2. Se os conectores incompletos são usados, um número mínimo dos ciclos (1-3) deve ser amplificado para obter uma biblioteca completa.
3. Se a qualidade do ADN da entrada é pobre, ou a seleção de tamanho está realizada durante a construção da biblioteca, o número de ciclos da amplificação deve apropriadamente ser aumentado.
[Processo padrão da construção da biblioteca]
Reparo da fragmentação e do fim
1. Determine a composição solvente do ADN do molde, se nenhum EDTA, continue diretamente pisar 2; Se o EDTA é contido, os grânulos 2.2× magnéticos devem ser usados para a purificação, ou um volume correspondente de amortecedor da neutralização deve ser adicionado de acordo com o índice do EDTA na seguinte tabela para a neutralização:
O EDTA concentrado. | Volume de amortecedor da neutralização |
1mM | μl 5 |
0.8mM | μl 4 |
0.6mM | μl 3 |
0.5mM | μl 2,5 |
0.4mM | μl 2 |
0.2mM | 1 μl |
0.1mM | 0,5 μl |
<0> | 0 μl |
2. Prepare a seguinte reação em um tubo do PCR de 200 μl:
Reagentes | Volume |
ADN entrado | Μl x |
Amortecedor de FEP | μl 5 |
Amortecedor da neutralização | Μl de Y |
ddH2 O | Ao μl 65 |
3. Adicione 10 a mistura da enzima do μl FEP ao sistema, ao sopro uniformemente, ao centrifugador acima posto momentaneamente, e imediatamente no instrumento do PCR para a seguinte reação:
Temperatura | Tempo |
20°C | 15min |
37°C | Consulte para apresentar 4 |
65°C | 15min |
4°C | ∞ |
Tempo de armazenagem da tabela 4 exigido para obter bibliotecas de tamanhos diferentes
Tamanho do fragmento | Tempo |
150bp | 20-30min |
250bp | 15-20min |
350bp | 10-15min |
550bp | 6-10min |
Ligadura do adaptador
1. Continue com a reação da ligadura o mais cedo possível após a fragmentação e a preparação da extremidade.

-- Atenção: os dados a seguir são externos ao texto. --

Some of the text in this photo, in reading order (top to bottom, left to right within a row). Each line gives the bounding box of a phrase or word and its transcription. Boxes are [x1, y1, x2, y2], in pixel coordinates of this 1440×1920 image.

2. Dilua o adaptador de acordo com a tabela 2.
3. Prepare o seguinte sistema de reação:
Reagentes | Volume |
acima dos produtos | μl 50 |
Amortecedor rápido da ligadura | μl 25 |
Ligase rápida do ADN | μl 5 |
Adaptador X para MGI | μl 5 |
ddH2 O | μl 15 |
Total | μl 100 |
4. Redemoinho delicadamente e rotação para baixo momentaneamente a misturar bem, centrifugar momentaneamente e recolher todo o líquido à parte inferior do tubo.
5. Execute a seguinte reação em um cycler térmico:
Temperatura | Tempo |
20°C | 15min |
4°C | ∞ |
Solução recomendada para a limpeza do PCR/seleção de tamanho (o volume magnético específico do grânulo deve ser ajustado de acordo com o tamanho da amostra real)

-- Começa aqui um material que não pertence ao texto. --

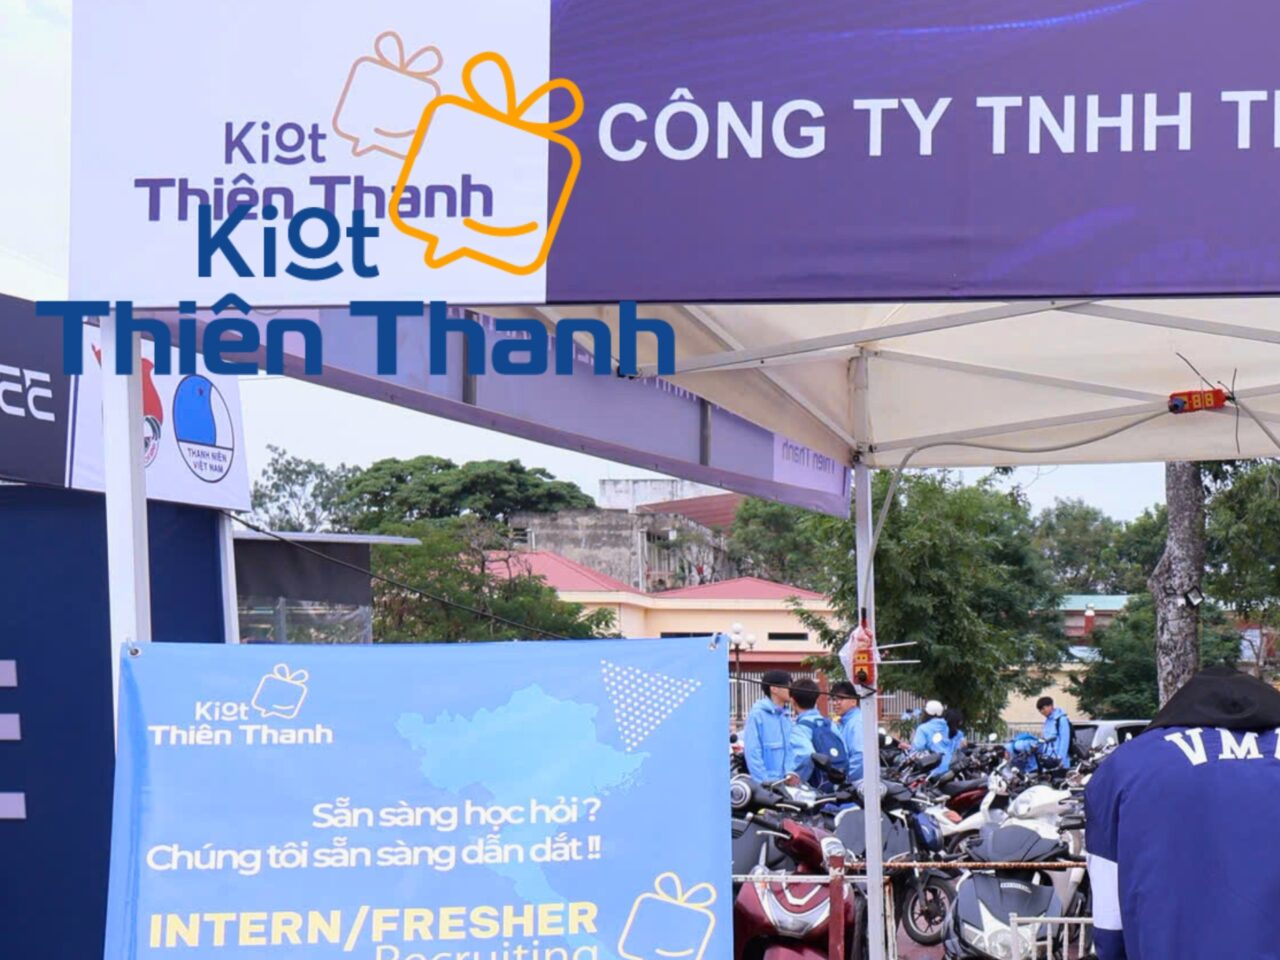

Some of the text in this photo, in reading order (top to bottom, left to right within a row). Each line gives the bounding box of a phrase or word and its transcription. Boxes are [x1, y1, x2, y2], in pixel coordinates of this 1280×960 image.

[223, 121, 328, 166] Kiot
[598, 88, 825, 161] CÔNG
[854, 98, 952, 156] TY
[976, 92, 1192, 155] TNHH
[195, 701, 250, 721] Kiot
[147, 723, 334, 746] Thiên Thanh
[311, 796, 601, 833] Sẵn sàng học hỏi ?
[146, 831, 601, 876] Chúng tôi sẵn sàng dẫn dắt !!
[149, 901, 599, 952] INTERN/FRESHER

1. Prepare 100 produtos da ligadura do μl em um tubo de centrifugador apropriado.
2. Adicione o μl 100 de grânulos magnéticos resuspended da seleção do ADN à amostra. Delicadamente sopro com uma pipeta por 10 vezes (ou redemoinho para 30 s). Incube amostras para o minuto 5 na temperatura ambiente.

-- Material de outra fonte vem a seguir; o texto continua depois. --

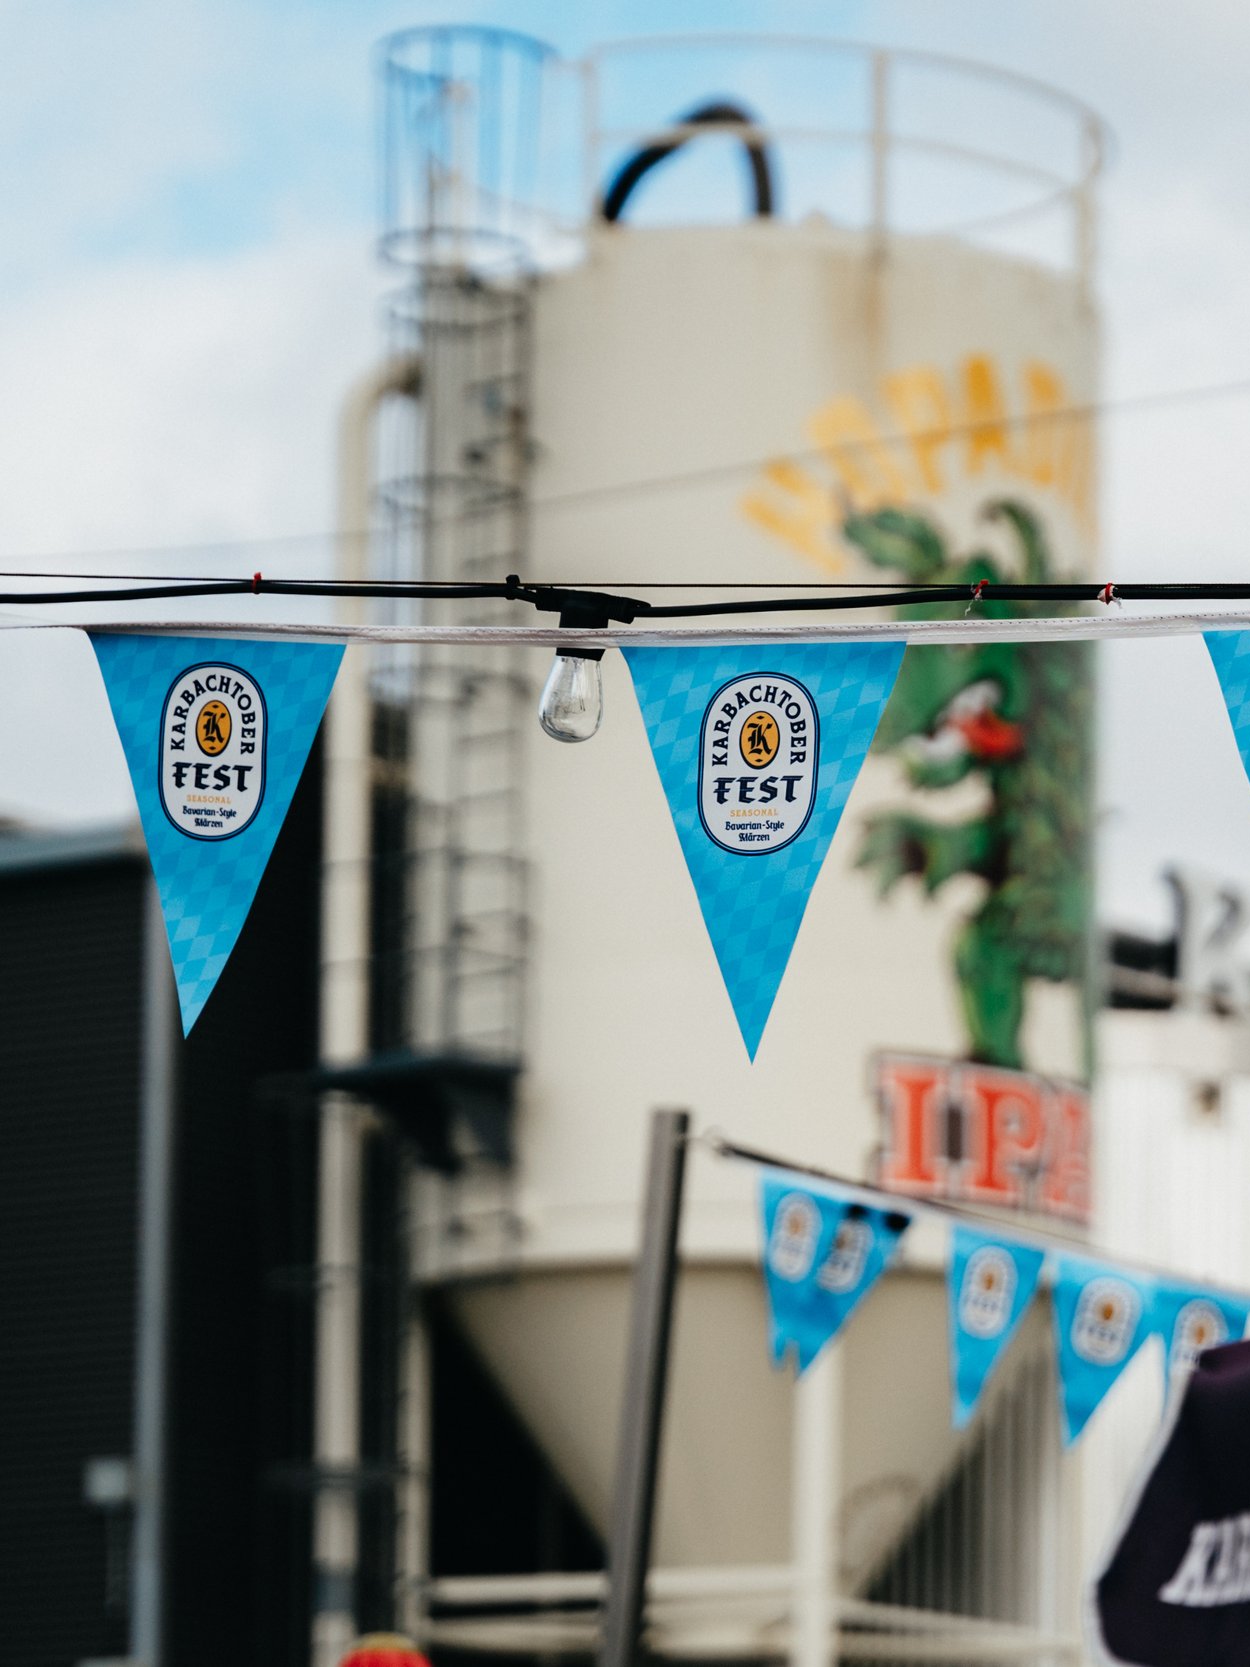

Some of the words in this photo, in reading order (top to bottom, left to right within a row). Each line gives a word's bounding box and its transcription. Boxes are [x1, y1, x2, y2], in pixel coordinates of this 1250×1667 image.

[171, 674, 257, 756] KARBACHTOBER
[202, 710, 227, 744] K
[711, 684, 807, 767] KARBACHTOBER
[747, 722, 773, 755] K
[171, 761, 254, 793] FEST
[712, 775, 804, 805] FEST
[182, 805, 237, 819] Bavarian-Style
[186, 794, 232, 804] SEASONAL
[729, 807, 779, 818] SEASONAL
[725, 820, 785, 832] Bavarian-Style

3. Coloque o tubo em uma cremalheira magnética apropriada para separar os grânulos do supernatant. Quando a solução for clara, para remover e rejeitar com cuidado o supernatant com uma pipeta (não rejeite grânulos).
4. Adicione o μl 200 do álcool etílico recentemente preparado de 80% ao tubo quando na cremalheira magnética. Incube na temperatura ambiente para 30 s, e para remover então e rejeitar com cuidado o supernatant (não perturbe grânulos).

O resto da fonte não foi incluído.